The actual main event of the WSOP turned out to be a bit of an anti-climax for me after all the action I’d been getting. I got knocked out early, but then I was exhausted from all the cash games I’d been playing so I hadn’t given myself much of a chance. Eventually, the WSOP got down to the last six players (including Stu Ungar) and five of those were classed as Las Vegas residents, which says something about the town. The only finalist not from Vegas was a London player and mate of mine, Mel Judah. That final became one of the biggest stories in poker history because Stu Ungar – in his blue John Lennon shades – won it and became the 1997 WSOP champion, sixteen years after his last win. He was now the only person in history to win it three times. Everyone was calling him The Comeback Kid.

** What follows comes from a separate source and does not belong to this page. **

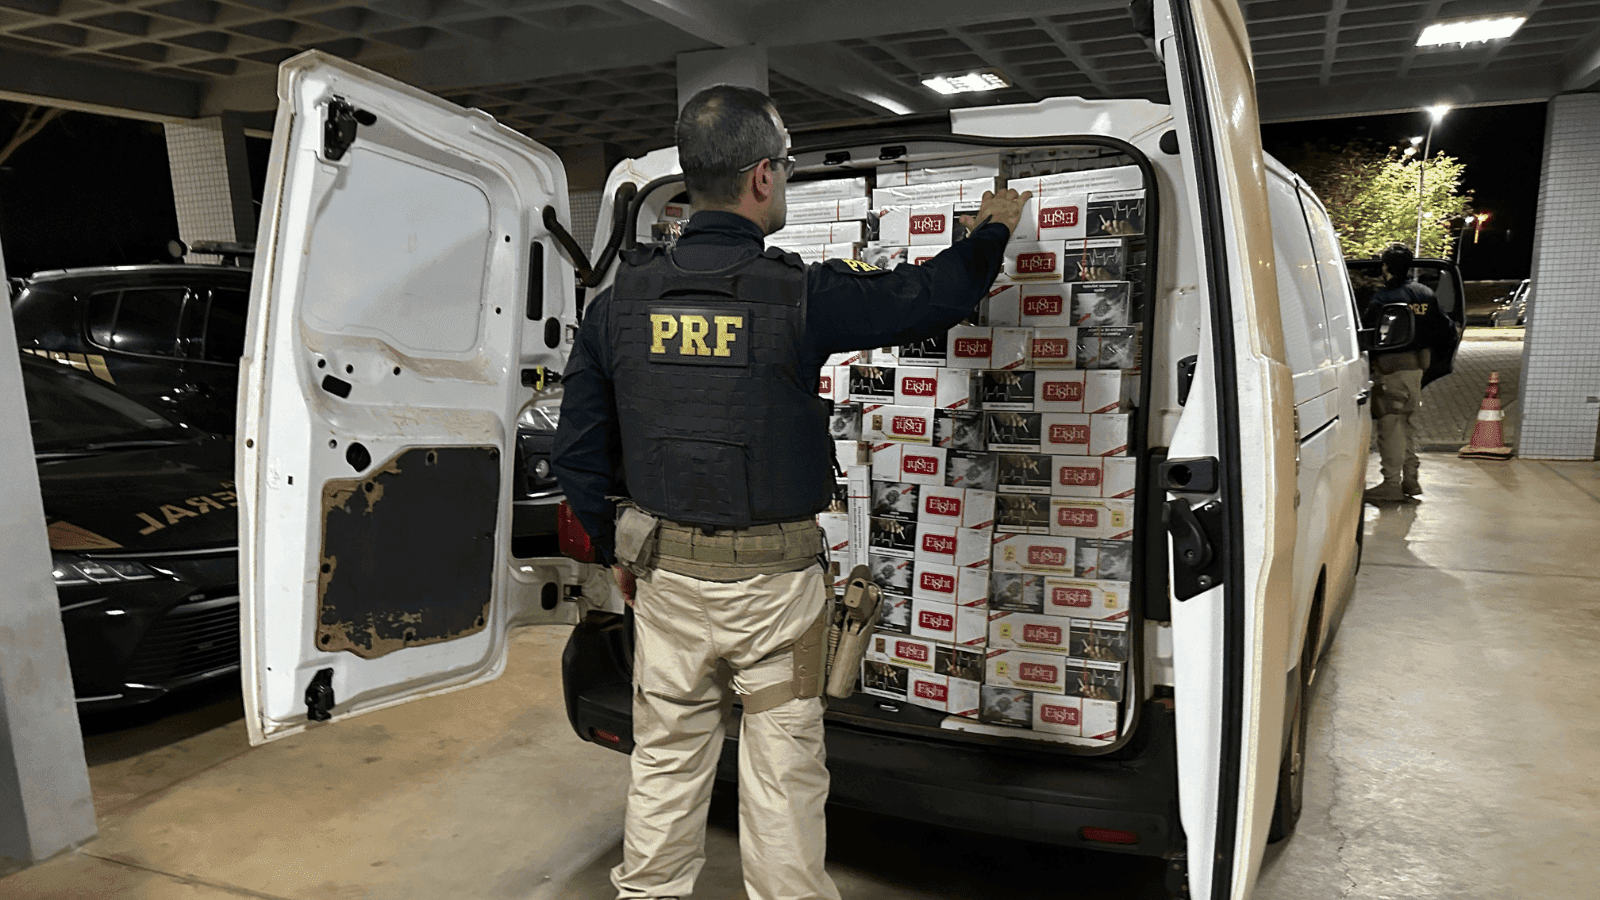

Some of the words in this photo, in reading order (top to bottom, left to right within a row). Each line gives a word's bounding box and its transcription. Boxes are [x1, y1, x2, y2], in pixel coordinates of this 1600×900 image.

Within a year Stu Ungar would be dead, and there’s no comeback from that. A terrible waste of a great talent. For me, things were definitely alive. On only my second trip to Vegas, I’d become known. I realized that when I walked into the Four Queens and ran into Johnny Chan. Johnny was a bit of a poker legend. He’d won the WSOP Main Event in 1987 and 1988, and was runner-up in 1989. Being the cocky fucker I am, I walked right up to Chan and said, “Now then, Johnny boy!” He barely nodded. This was getting to be a bit of a surprise trip: I’d outgrown Hull, outgrown the north of England and then outgrown London; the last thing I thought would happen would be for me to outgrow Vegas. So the only place left for me now was the rest of the world. But first, there was somewhere I had to go that was more important than the rest of the world. Back home.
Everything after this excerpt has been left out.